And by "on a budget" I mean in under 150 lines of code. Commented, no less. Of course this comes with some limitations: I restrict myself to the embarrassingly parallel case where the client code wants to partition a computation equally among identical workers. I also restrict myself to pure OCaml without external dependencies. Furthermore, I have not been entirely diligent with either my error checking or my portability: this code is tested under Mac OS X, although I expect it should work on any Unix-like operating system.
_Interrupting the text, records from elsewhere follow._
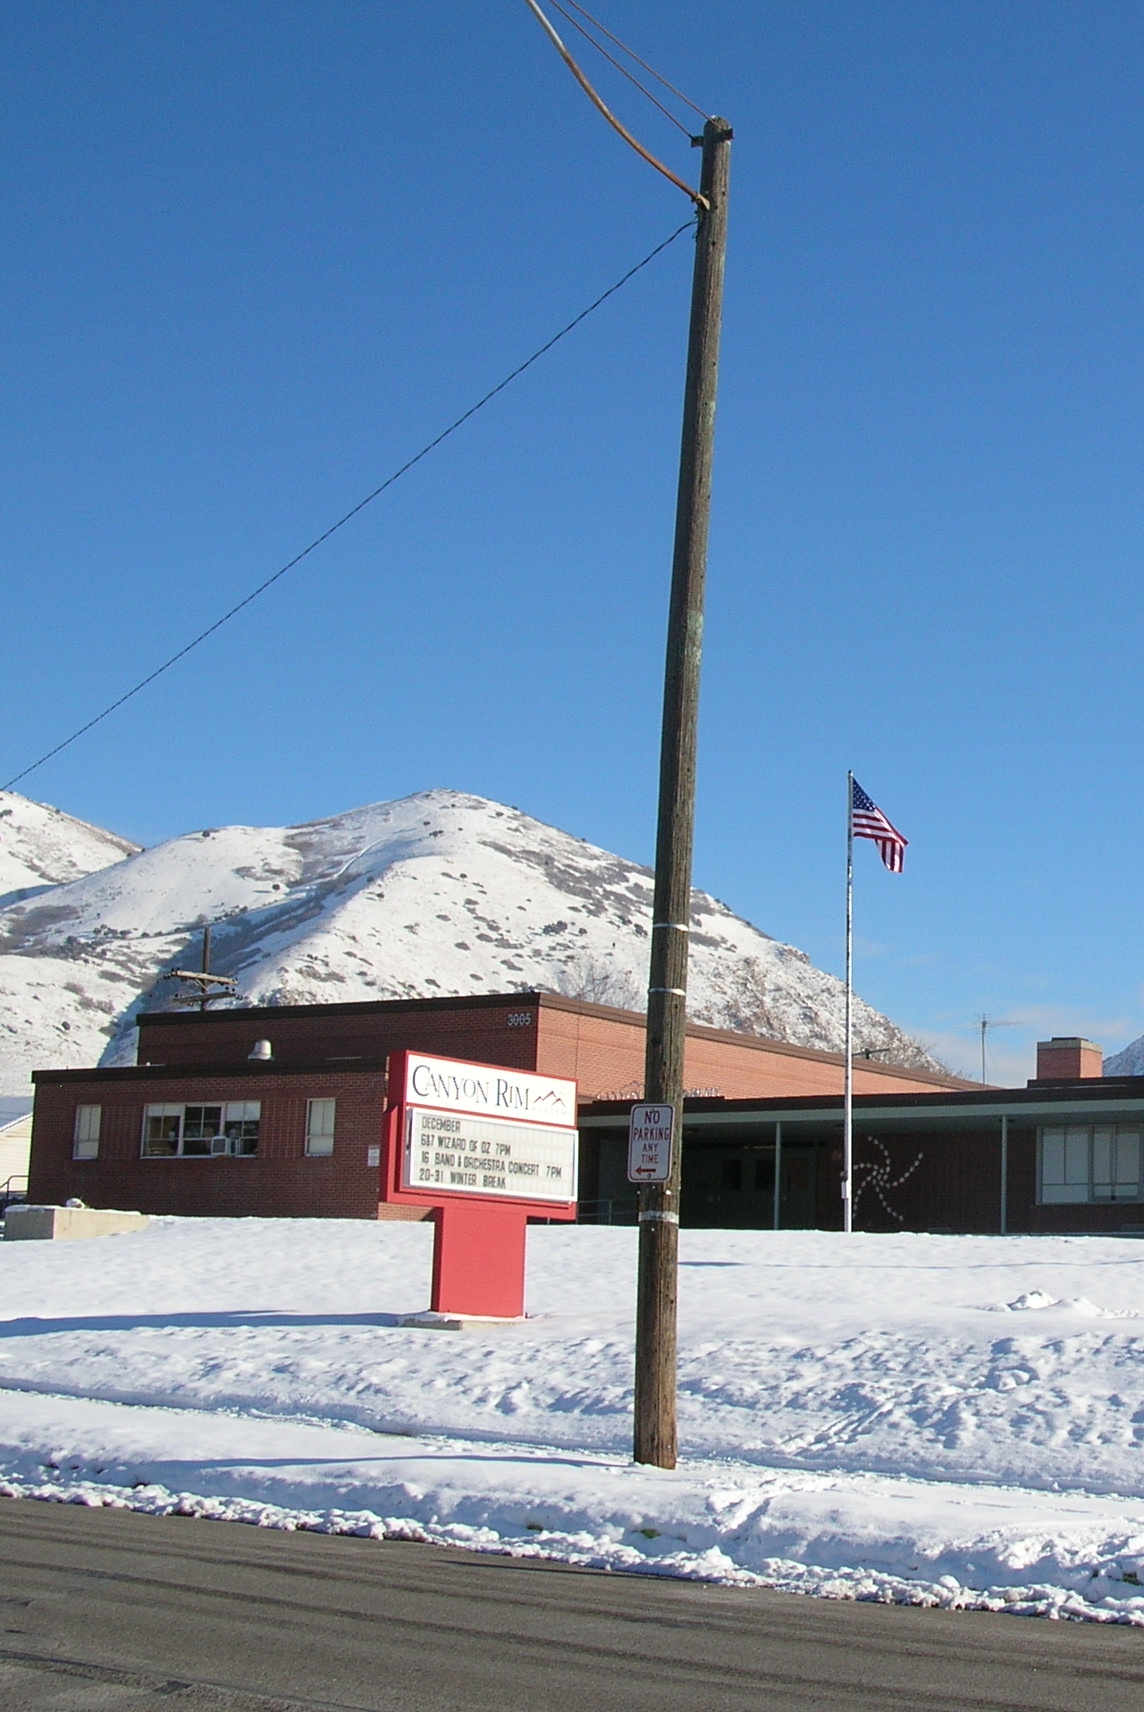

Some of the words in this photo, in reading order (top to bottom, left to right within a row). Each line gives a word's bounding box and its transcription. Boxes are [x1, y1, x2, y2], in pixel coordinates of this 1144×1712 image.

[508, 1013, 531, 1026] 3005
[412, 1065, 489, 1104] CANYON
[496, 1078, 529, 1110] RIM
[422, 1117, 460, 1132] DECEMBER
[645, 1111, 660, 1124] NO
[633, 1127, 669, 1141] PARKING
[438, 1136, 466, 1151] WIZARD
[469, 1140, 478, 1152] OF
[481, 1142, 490, 1154] OZ
[496, 1143, 511, 1156] 7PM
[643, 1143, 658, 1152] ANY
[422, 1151, 429, 1163] 16
[435, 1152, 455, 1165] BAND
[457, 1155, 461, 1167] &
[464, 1156, 505, 1172] ORCHESTRA
[509, 1161, 539, 1176] CONCERT
[546, 1166, 561, 1178] 7PM
[641, 1154, 659, 1164] TIME
[419, 1168, 443, 1182] 20-31
[451, 1172, 476, 1186] WINTER
[483, 1176, 506, 1188] BREAK
With those caveats in place, the framework responds to the following signature:
type ('a, 'b, 'c, 'd) worker =
int -> ('a, 'b, 'c) Bigarray.Array1.t -> 'd -> unit
type ('a, 'b, 'c, 'd) pool
val create : int -> ('a, 'b, 'c, 'd) worker ->
('a, 'b, 'c) Bigarray.Array1.t -> ('a, 'b, 'c, 'd) pool
val close : ('a, 'b, 'c, 'd) pool -> unit
val iter : ('a, 'b, 'c, 'd) pool -> 'd array -> unit
A worker
represents the code identified by id that will compute on shmem by taking args. A pool
is set up by a call to create k worker array
and will contain k such workers whose results will be delivered on a client array. The work on N arguments is distributed by iter pool arguments
in an N-k fashion, such that as soon as a worker is finished it can be rescheduled with another work unit. The types are complicated by the parametricity over the Bigarray
s used for input-output, but this affords type safety and computational flexibility.
Note: I present the following code in a standalone fashion, but it is imperative to hide it behind the given signature to ensure its type safety. Essentially the type variables are phantom types that ensure that all applications are sound; in particular it is the only way to ensure the type-safe use of marshaling.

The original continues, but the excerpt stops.